PROBLEM DETAILS:
Where a line of the material includes the string "MINH", copy that line.

DATA FOR THIS EXERCISE:
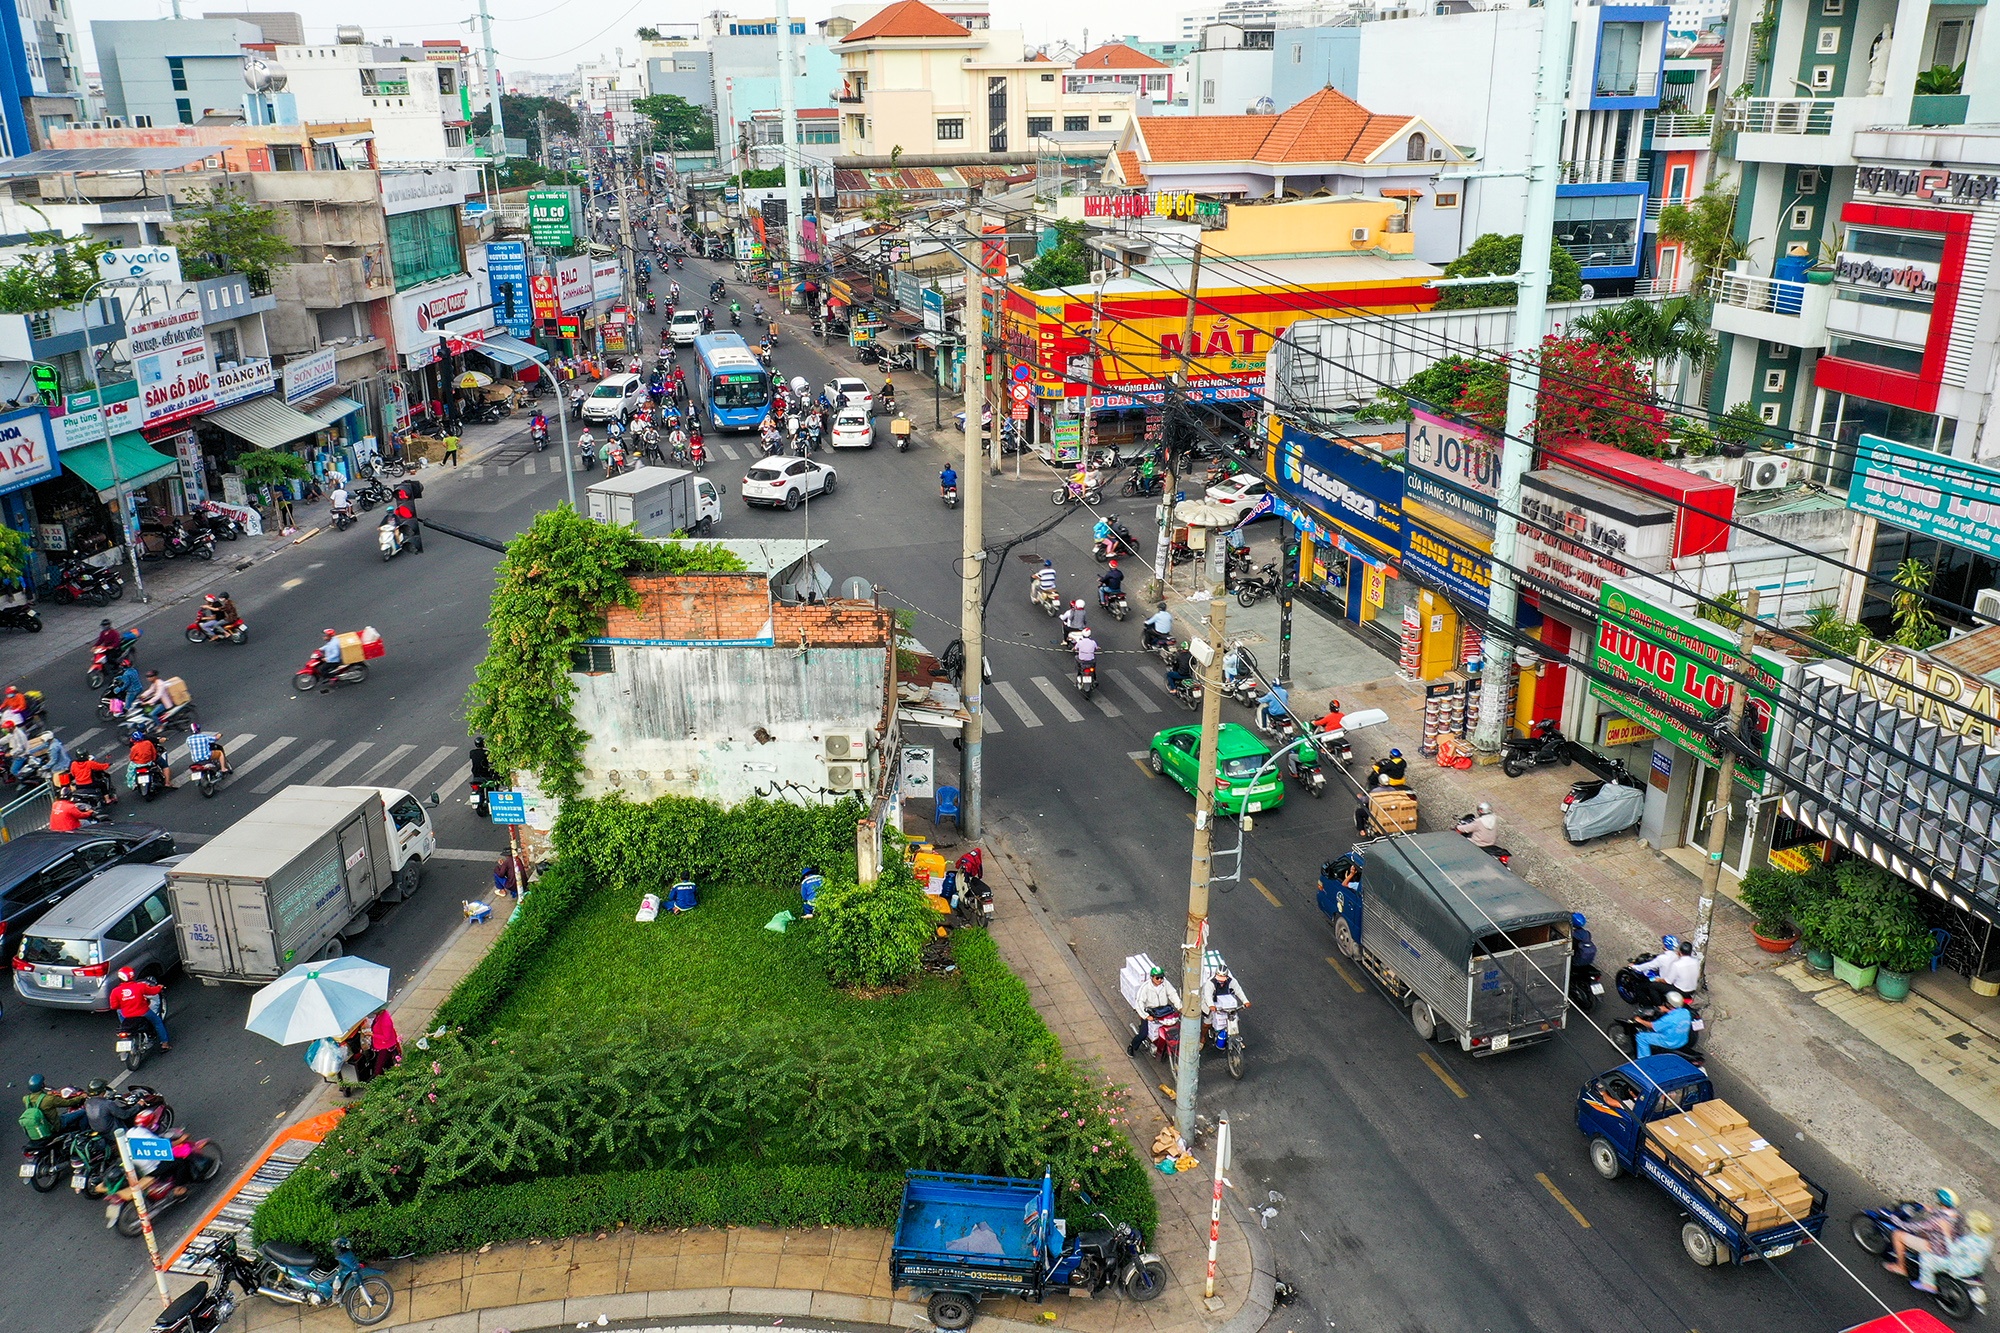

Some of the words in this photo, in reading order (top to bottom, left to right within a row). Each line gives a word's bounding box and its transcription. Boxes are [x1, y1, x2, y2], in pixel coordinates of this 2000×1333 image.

[533, 204, 547, 218] ÂU
[550, 205, 565, 217] CƠ
[1114, 195, 1151, 218] KHOA
[1155, 191, 1173, 216] ÂU
[1176, 191, 1196, 216] CƠ
[122, 248, 169, 264] vario
[561, 268, 578, 286] BALO
[449, 294, 466, 310] MART
[1160, 317, 1263, 361] MẮT
[218, 367, 254, 388] HOÀNG
[256, 362, 271, 377] MỸ
[294, 369, 312, 384] SƠN
[314, 360, 333, 375] NAM
[145, 385, 168, 407] SÀN
[169, 373, 186, 400] GỖ
[188, 371, 211, 394] ĐỨC
[1143, 381, 1162, 391] BÁN
[63, 417, 79, 428] Phụ
[81, 412, 98, 425] tùng
[113, 402, 129, 414] Chí
[10, 437, 35, 468] KỲ
[1407, 472, 1422, 492] CỬA
[1424, 481, 1444, 501] HÀNG
[1446, 491, 1461, 508] SƠN
[1462, 499, 1483, 518] MINH
[1863, 467, 1942, 509] HÙNG
[1865, 493, 1886, 507] TIỀN
[1886, 500, 1908, 515] CỦA
[1909, 507, 1932, 522] BẠN
[1932, 514, 1959, 530] PHẢI
[1960, 521, 1976, 535] VỀ
[1974, 527, 1993, 541] TÚI
[1410, 531, 1450, 567] MINH
[1534, 550, 1551, 568] ĐIỆN
[1576, 568, 1591, 587] PHỤ
[1628, 607, 1652, 629] CÔNG
[1653, 620, 1664, 635] TY
[1666, 625, 1679, 642] CỔ
[1680, 634, 1705, 656] PHẦN
[1706, 646, 1720, 662] DV
[1598, 618, 1677, 684] HÙNG
[1598, 657, 1611, 673] UY
[1850, 637, 1995, 747] KARA
[190, 932, 215, 943] 705.25
[193, 923, 208, 932] 51C
[136, 1148, 151, 1157] ÂU

THE COMPLETED TASK:
[1462, 499, 1483, 518] MINH
[1410, 531, 1450, 567] MINH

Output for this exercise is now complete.